We reached out to families who lost their homes, and we reached out to the Regional Office of Tennessee, which was itself severely damaged. Working together with our partners with Disciples Volunteering, we devised a plan for bringing in volunteers from all over the country. Bellevue Christian Church and Eastwood Christian Church generously offered their facilities as mission stations for housing and feeding volunteers, connections were made with local long-term recovery organizations, and as a church, we got to work responding.
A year later, Nashville is in much better shape. There are neighborhoods you’d never guess were flooded just a year ago. However, there are plenty of places that remain untouched, in disrepair, standing as testaments to the trauma of a year ago.
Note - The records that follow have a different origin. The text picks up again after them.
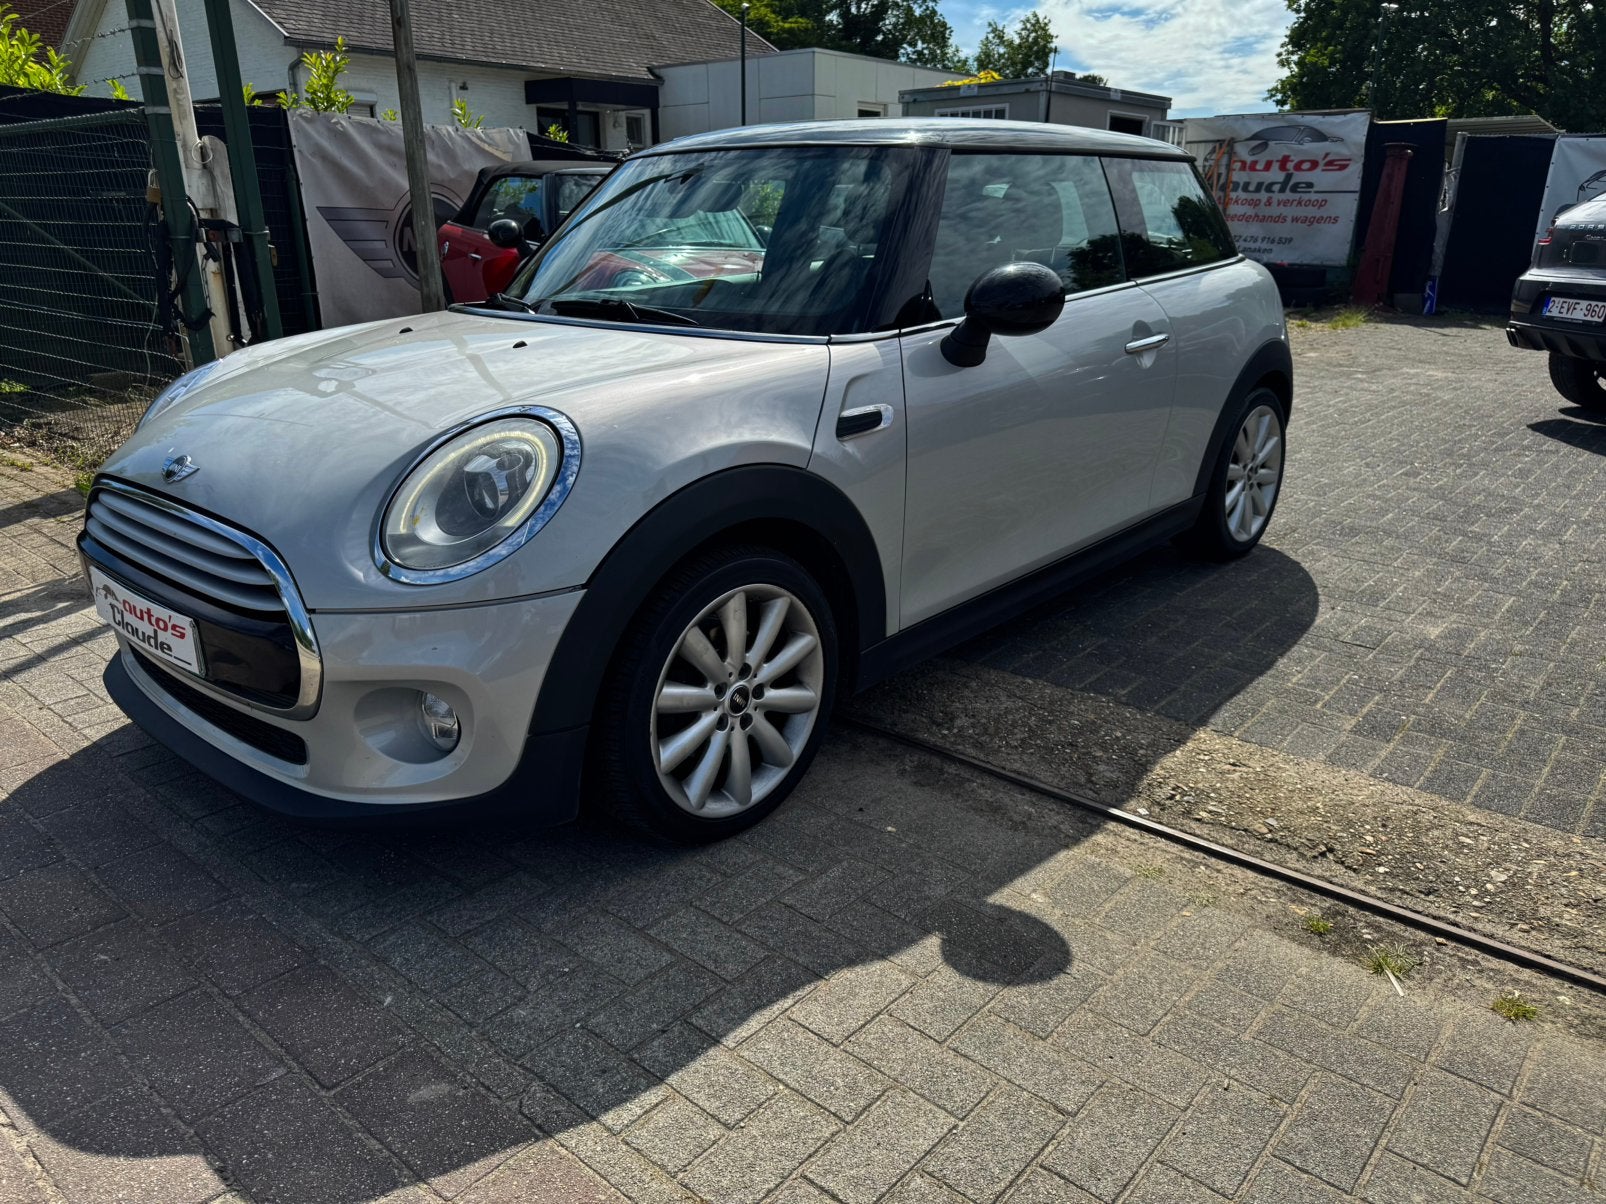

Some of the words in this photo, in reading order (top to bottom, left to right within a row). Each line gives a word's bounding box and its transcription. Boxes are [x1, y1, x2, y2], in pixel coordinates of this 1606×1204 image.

[1230, 152, 1352, 172] auto's
[1213, 173, 1314, 194] laude
[1263, 196, 1273, 206] &
[1276, 197, 1328, 210] verkoop
[1225, 212, 1287, 224] eedehands
[1290, 214, 1340, 227] wagens
[1260, 235, 1276, 245] 916
[1277, 237, 1293, 246] 539
[109, 602, 173, 657] Claude
[122, 599, 186, 640] auto's
And so we remain there. Disciples churches continue to send groups to help with the recovery efforts. Disciples Volunteering continues to find ways to make the recovery effort more efficient, provide volunteers with meaningful work, and bring hope to the households to whom they lend a hand.
Even as we have watched the recent swath of tornados tear through the Southeast, Nashville has not been far from our minds here at Week of Compassion. Last week, while preparing a sermon, I spent a lot of time thinking about the words from the third section of Isaiah, which I included above. The prophet’s words were for a people with a cultural (or in some cases, literal) memory of exile in Babylon, frustrated that their rebuilding was not as easy, as conflict-free, as joyful, as they thought it would be. Imbued with a sense of vision that Walter Brueggeman describes as “Prophetic Imagination,” the prophet’s words reflect faith in a God who remains present—no matter the tragedy, no matter how weighty the recovery seems—and who continues to create a hope-filled future:
I am about to create Jerusalem as a joy,
and its people as a delight.
I will rejoice in Jerusalem,
and delight in my people;
no more shall the sound of weeping be heard in it,
or the cry of distress.
May it be so in Nashville, in Tuscaloosa, and all over the world—wherever there is need, disaster, or heart-break.